I grew up with Charlton Heston. This latter day John Wayne epitomizes for me a certain type of actor: the hypermasculine lead with a martyr complex, whose on-screen testosteronity was exceeded only by his off-screen right wing looniness. Chuck was the Man . . . well, until Mel Gibson came along. And when Mel gets too old or too shark-jumped to matter anymore, doubtless some other nut will take his place.

But we were talkin’ Chuck. Chuck wasn’t always a Republican darling, a Choice- and Affirmative Action-hating NRA poster boy; according to Wikipedia, he supported Adlai Stevenson and John F. Kennedy and marched with Martin Luther King. He even “called for public support for President Johnson’s Gun Control Act of 1968.” Why the change of heart? The [two] obituaries [that I bothered to read] don’t say.

Let’s have a moment of silence for a man who left us with some memorable Hollywood moments:

The Omega Man, the Last Man on Earth . . . but of course, if you’ve seen the movie, you know he’s the Alpha as well as the Omega.

THE scene from the end of Planet of the Apes. Still, if you’re gonna be stuck on a post-apocalyptic ape-ridden planet, you could do worse than have actress Linda Harrison at your back.

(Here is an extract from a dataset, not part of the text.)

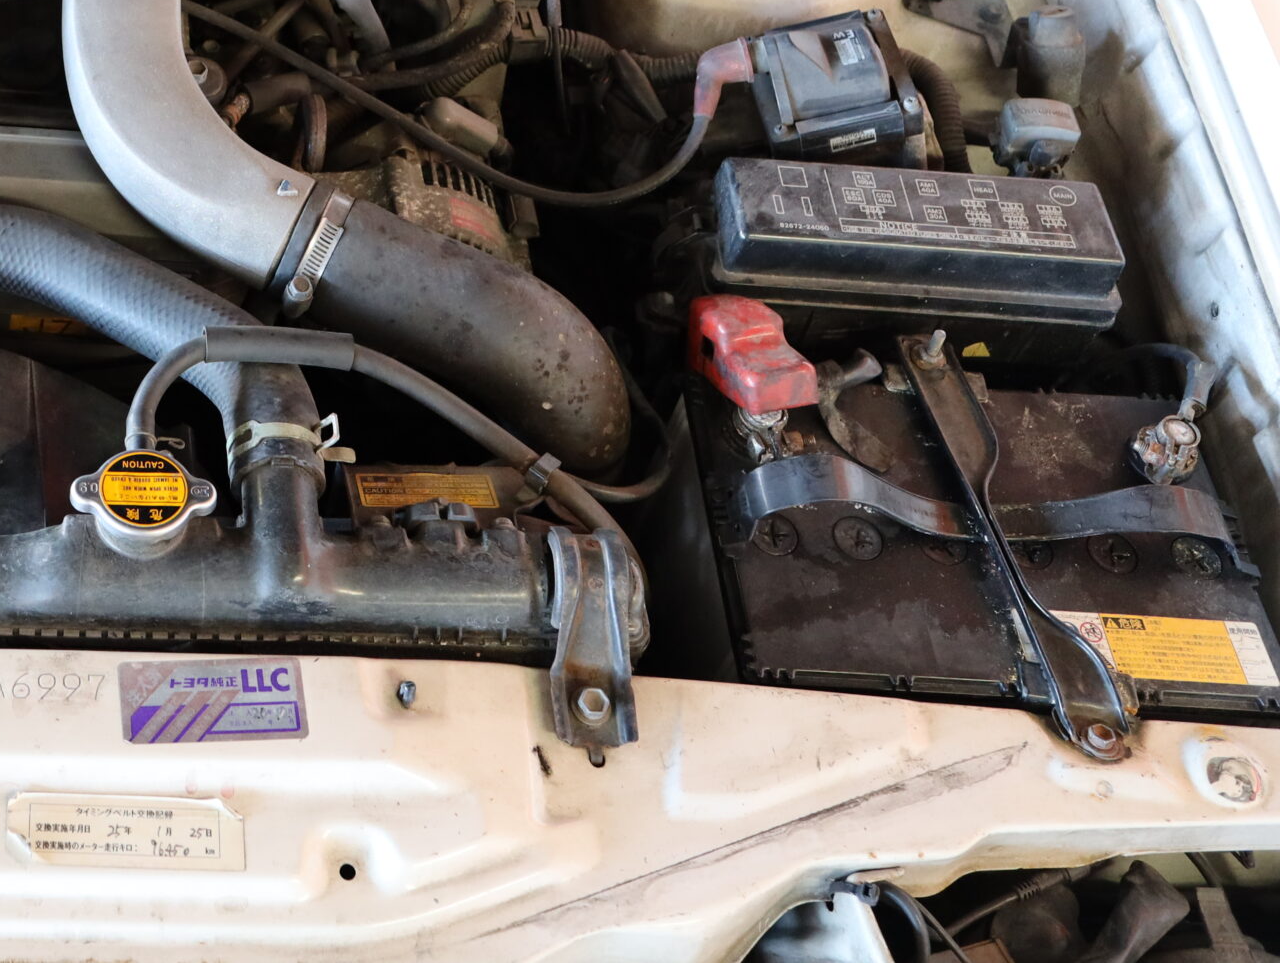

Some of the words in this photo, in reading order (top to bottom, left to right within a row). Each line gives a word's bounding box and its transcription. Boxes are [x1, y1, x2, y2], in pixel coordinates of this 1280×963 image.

Touch of Evil. With a mustache and enough Man Tan, you too can be Mexican.

Soylent Green: Heston figures it out an hour after the rest of us.

The Moses we know and love.

Rest in peace, Chuck.

D.

5 Comments

  1. Sam says:

    I’m so sad he didn’t get shot by some nut with a gun. I PRAYED he’d be shot. (not very charitable, am I?)
    But this goes to prove that:
    1. There is no god. 2. If there is a god, he doesn’t do irony. 3. My prayers, when for something rotten, don’t come true, which can mean that 4. there IS a god and he doesn’t do cheap shots.

  2. Walnut says:

    Jeez, Sam, he had Alzheimer’s at the end! Isn’t that sufficient divine retribution?

    I have mixed feelings for the man. I revile his politics (in recent years, that is) and I never thought much of his acting . . . but it’s like with Mel Gibson: he was the kind of actor you could not ignore. “Larger than life,” as many of the obits say.

  3. The mother of a friend of mine is an Episcopal minister – she always used to say that if she got to Heaven and Moses didn’t look like Charlton Heston, she was going to be mighty disappointed.

  4. Sam says:

    I know, I know. Poor guy/Mean me. But irony is more fun than Alzheimer’s.
    Anyway, now they can pry the gun out of his cold, dead hands.

  5. Walnut says:

    Now I’m picturing the beginning of Young Frankenstein, when the old guy is trying to get Frankenstein’s notebook out of the corpse’s dead hands.

    ps: I have a tiny portrait painting of Moses which I got from my grandparents’ house after they had died. Kind of a rarity, considering we’re not supposed to have graven images lying about.